Noted Theorist, 70, Helped to Develop Computers

Tibor Rado, a mathematician noted for his many original contributions and regarded by his colleagues as a scientist of international stature, died Wednesday at Daytona Beach. Fla., after a long illness. He was 70 years old.

Mr. Rado was one of the galaxy of Hungarian mathematicians who came to the United States after World War I and imparted a significant impulse to the development of mathematical studies. John Von Neumann was one of this group of men who achieved worldwide reputations through their work in the United States.

Mr.

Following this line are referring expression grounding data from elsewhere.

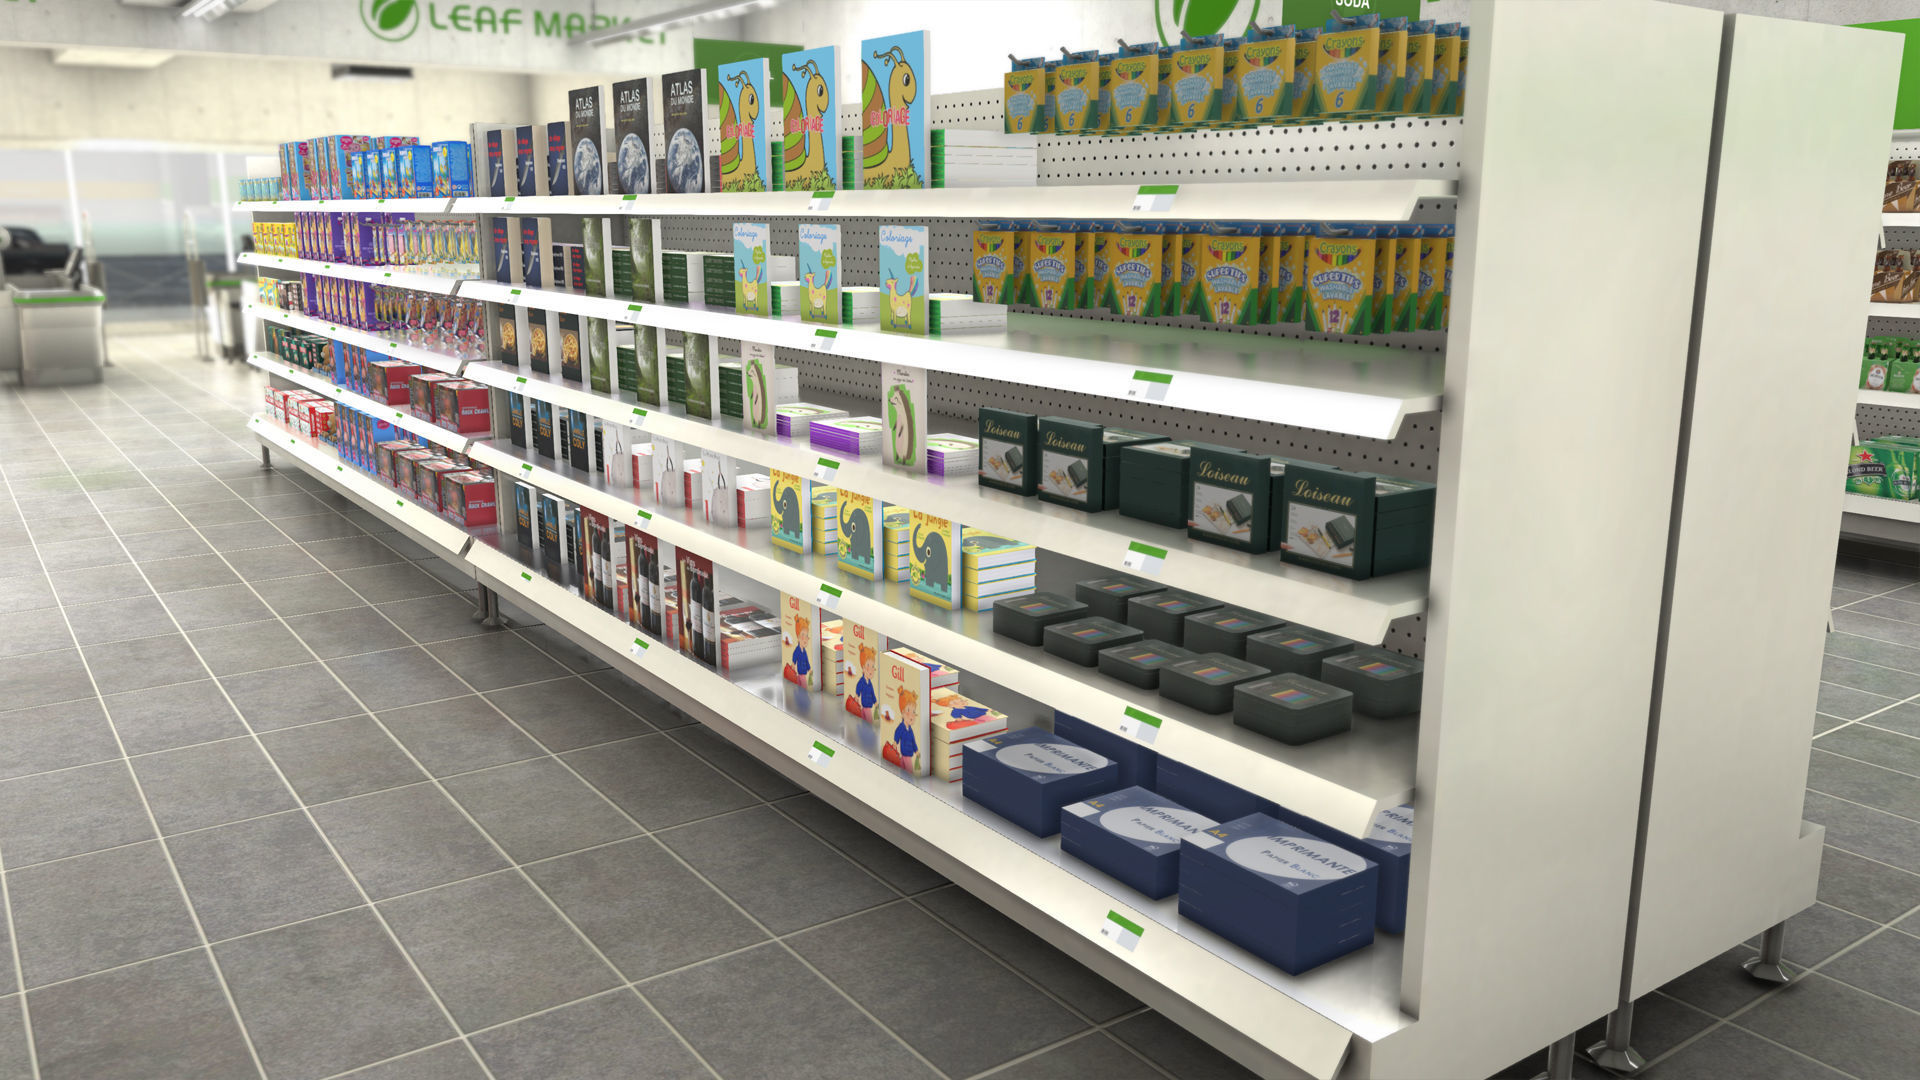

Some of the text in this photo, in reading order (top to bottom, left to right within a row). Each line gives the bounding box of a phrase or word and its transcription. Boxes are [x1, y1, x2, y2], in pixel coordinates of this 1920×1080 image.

[428, 2, 522, 34] LEAF
[1325, 36, 1364, 51] Crayons
[1178, 54, 1210, 66] Crayons
[1246, 46, 1281, 59] Crayons
[1117, 62, 1146, 73] Crayons
[670, 80, 693, 97] ATLAS
[575, 96, 593, 111] ATLAS
[620, 89, 640, 105] ATLAS
[677, 94, 695, 105] MONDE
[1335, 91, 1345, 109] 6
[626, 102, 641, 112] MONDE
[1187, 103, 1196, 119] 6
[1255, 97, 1264, 115] 6
[870, 106, 910, 128] COLORIAGE
[1068, 113, 1076, 127] 6
[1125, 108, 1133, 123] 6
[725, 121, 756, 140] COLORIAGE
[790, 114, 824, 136] COLORIAGE
[1017, 116, 1024, 131] 6
[881, 230, 912, 248] Coloriage
[1212, 240, 1244, 251] Crayons
[1320, 242, 1358, 255] Crayons
[1128, 295, 1136, 307] 12
[1220, 301, 1230, 315] 12
[1328, 309, 1340, 324] 12
[984, 419, 1021, 440] Loiseau
[1045, 431, 1087, 452] Loiseau
[782, 472, 799, 485] jungle
[1196, 460, 1249, 487] Loiseau
[851, 491, 871, 506] jungle
[1292, 479, 1353, 507] Loiseau
[926, 514, 949, 529] jungle
[789, 596, 800, 612] Gill
[853, 624, 865, 640] Gill
[891, 665, 905, 683] Gill
[1088, 800, 1105, 809] A4
[1139, 806, 1200, 835] IMPRIMAN
[1208, 829, 1230, 839] A4
[1266, 834, 1357, 876] IMPRIMANTE

Rado's contributions to mathematical theory ranged from geometry to abstract formulas, including such subjects as calculus of variations, analysis in general, conformal mapping, minimal surfaces, complex functions, geometry of area, Rieman surfaces and plateau problems.

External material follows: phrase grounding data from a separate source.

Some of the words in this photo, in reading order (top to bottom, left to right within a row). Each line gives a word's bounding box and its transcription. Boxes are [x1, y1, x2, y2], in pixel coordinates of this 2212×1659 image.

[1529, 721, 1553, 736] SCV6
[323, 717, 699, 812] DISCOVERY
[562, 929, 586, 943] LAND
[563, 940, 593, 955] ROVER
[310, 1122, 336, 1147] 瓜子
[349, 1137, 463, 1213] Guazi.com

During his last decade he concerned himself with computers. According to Dr. Arnold Ross, a colleague at Ohio State University, his contributions to the development of computers were fundamental.

A Prisoner in Siberia

Mr. Rado's life was marked with adventures worthy of a novelist's attention. He was born in Budapest on. June 2, 1895. From 1913 to 1915 he attended the Polytechnic Institute in tha Hungarian capital. He then joined the Hungarian armed forces as a first lieutenant. He was captured on the Russian front and sent to Siberia.

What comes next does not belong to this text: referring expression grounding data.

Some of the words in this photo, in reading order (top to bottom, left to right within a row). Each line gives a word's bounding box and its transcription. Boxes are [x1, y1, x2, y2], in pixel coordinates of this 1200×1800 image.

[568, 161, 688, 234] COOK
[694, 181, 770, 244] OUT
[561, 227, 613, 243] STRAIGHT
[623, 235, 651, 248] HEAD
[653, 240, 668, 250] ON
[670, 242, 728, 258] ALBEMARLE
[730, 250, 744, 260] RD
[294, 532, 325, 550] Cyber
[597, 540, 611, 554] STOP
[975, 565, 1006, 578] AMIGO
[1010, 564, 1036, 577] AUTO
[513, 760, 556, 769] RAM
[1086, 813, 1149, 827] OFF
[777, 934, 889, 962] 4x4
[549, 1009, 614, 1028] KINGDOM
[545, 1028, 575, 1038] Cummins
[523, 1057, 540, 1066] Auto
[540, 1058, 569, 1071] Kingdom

He escaped from the prisoners' camp and his subsequent odyssey look him to the Arctic regions of Russia, where he lived with Eskimos while moving slowly westward seeking final escape to his homeland. After thousands of miles across the Arctic wastelands, Mr. Rado returned to Hungary and resumed his education. In 1923 he received a Doctor of Philosophy degree from the University of Szeged.

Mr. Rado taught for a brief period at the University of Szeged and then went to Germany as a research fellow for the Rockefeller Foundation. In 1929 he came to the United States. He lectured at Harvard University and the Rice Institute and in 1930 joined the faculty of Ohio State University at Columbus.

First Publication in 1933

Three years later Mr. Rado published his first original contribution to mathematical thought "On the Problem of Plateau" which was translated into every western language and brought him instant fame. In 1935 he published his second work "Subharmonic Functions." The same year Mr. Rado became a United States citizen.

In 1942 he was a visiting professor at the University of Chicago. As World War II entered its final phase he interrupted his academic career to render a special service to the United States Government. As a science consultant to the armed forces, he was sent to Germany to find German scientists needed by the United States as it approached the nuclear and missile age.

Mr. Rado then returned to his research at the Institute for Advanced Study at Princeton, N.J. In 1948 he became chairman of the department of mathematics at Ohio State University, a position he held through 1948. The following year he was named research professor. Last June he retired from teaching but continued to publish the results of his research in books and papers.

Mr. Rado is survived by his widow, the former Ida Barabas de Albis of Edgewater, Fla.; a son, Theodore Alexander Rado of Los Angeles, and a daughter, Mrs. William Santasiere of Simsbury, Conn.